• **YOUR GOAL**
Print the records exactly as written, and let no picture into the answer.

** EXTRACTED DATA follows **

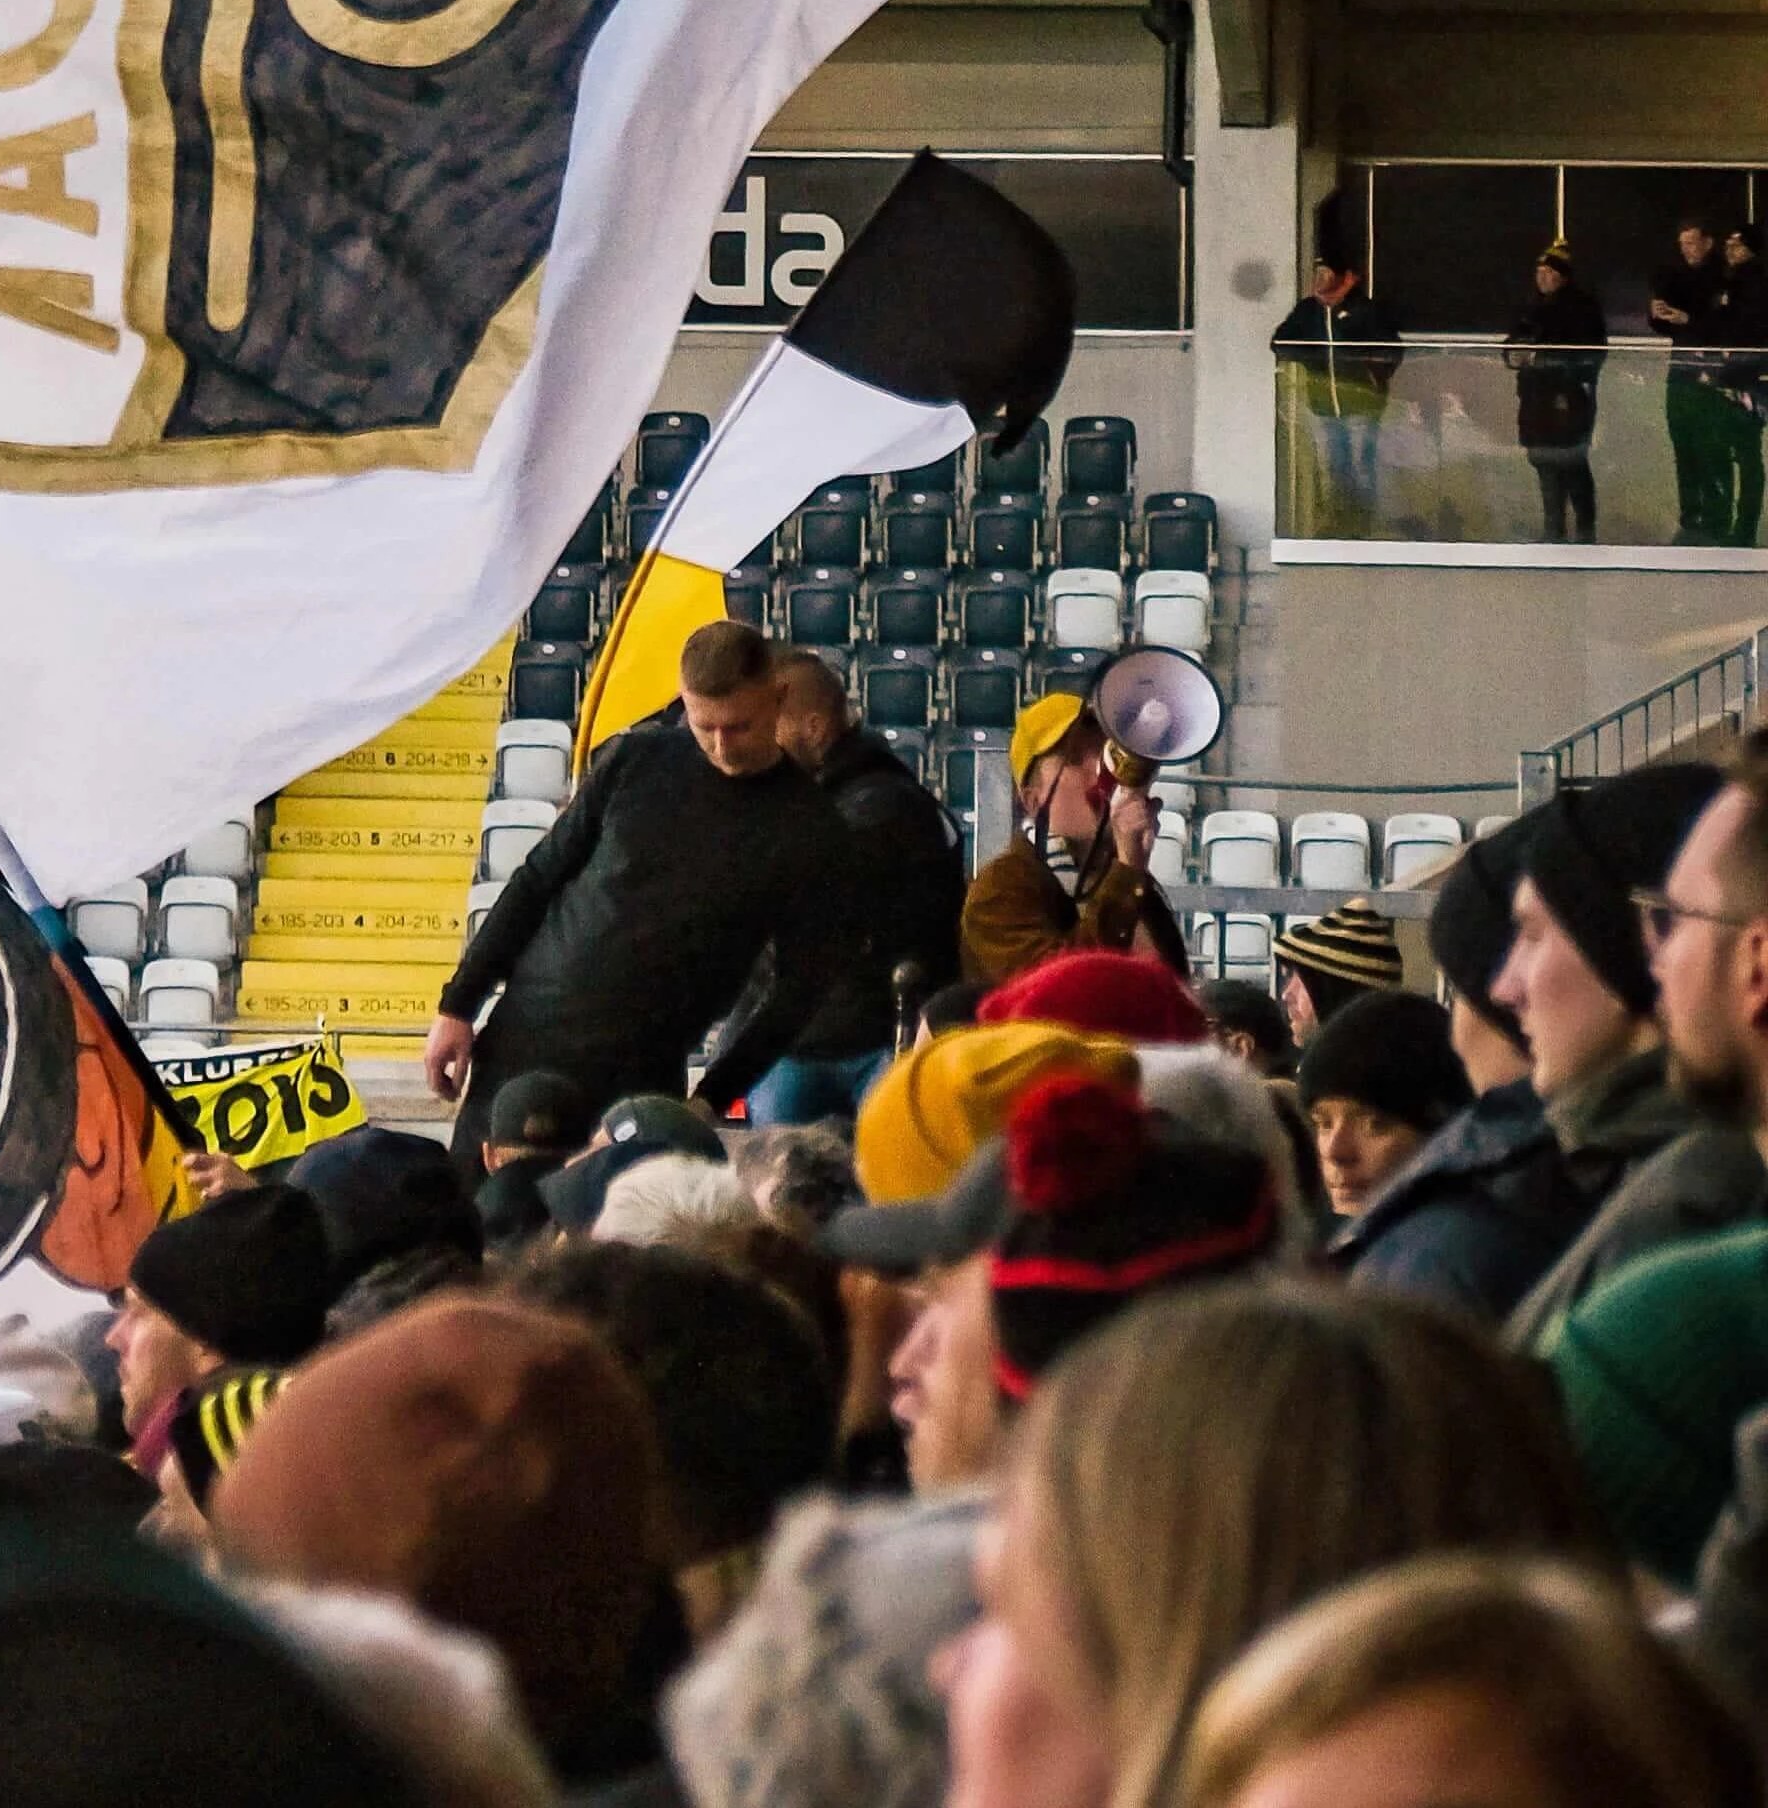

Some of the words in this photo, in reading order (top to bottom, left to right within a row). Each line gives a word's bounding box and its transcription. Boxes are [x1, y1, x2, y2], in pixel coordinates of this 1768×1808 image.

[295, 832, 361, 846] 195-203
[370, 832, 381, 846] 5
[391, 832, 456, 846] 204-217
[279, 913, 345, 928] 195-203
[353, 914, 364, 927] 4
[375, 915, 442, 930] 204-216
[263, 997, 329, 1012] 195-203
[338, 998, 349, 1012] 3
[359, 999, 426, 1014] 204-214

** End of EXTRACTED DATA **

• **OUTPUT FOR THIS TASK**
Some of the words in this photo, in reading order (top to bottom, left to right within a row). Each line gives a word's bounding box and its transcription. Boxes are [x1, y1, x2, y2], in pixel coordinates of this 1768×1808 image.

[295, 832, 361, 846] 195-203
[370, 832, 381, 846] 5
[391, 832, 456, 846] 204-217
[279, 913, 345, 928] 195-203
[353, 914, 364, 927] 4
[375, 915, 442, 930] 204-216
[263, 997, 329, 1012] 195-203
[338, 998, 349, 1012] 3
[359, 999, 426, 1014] 204-214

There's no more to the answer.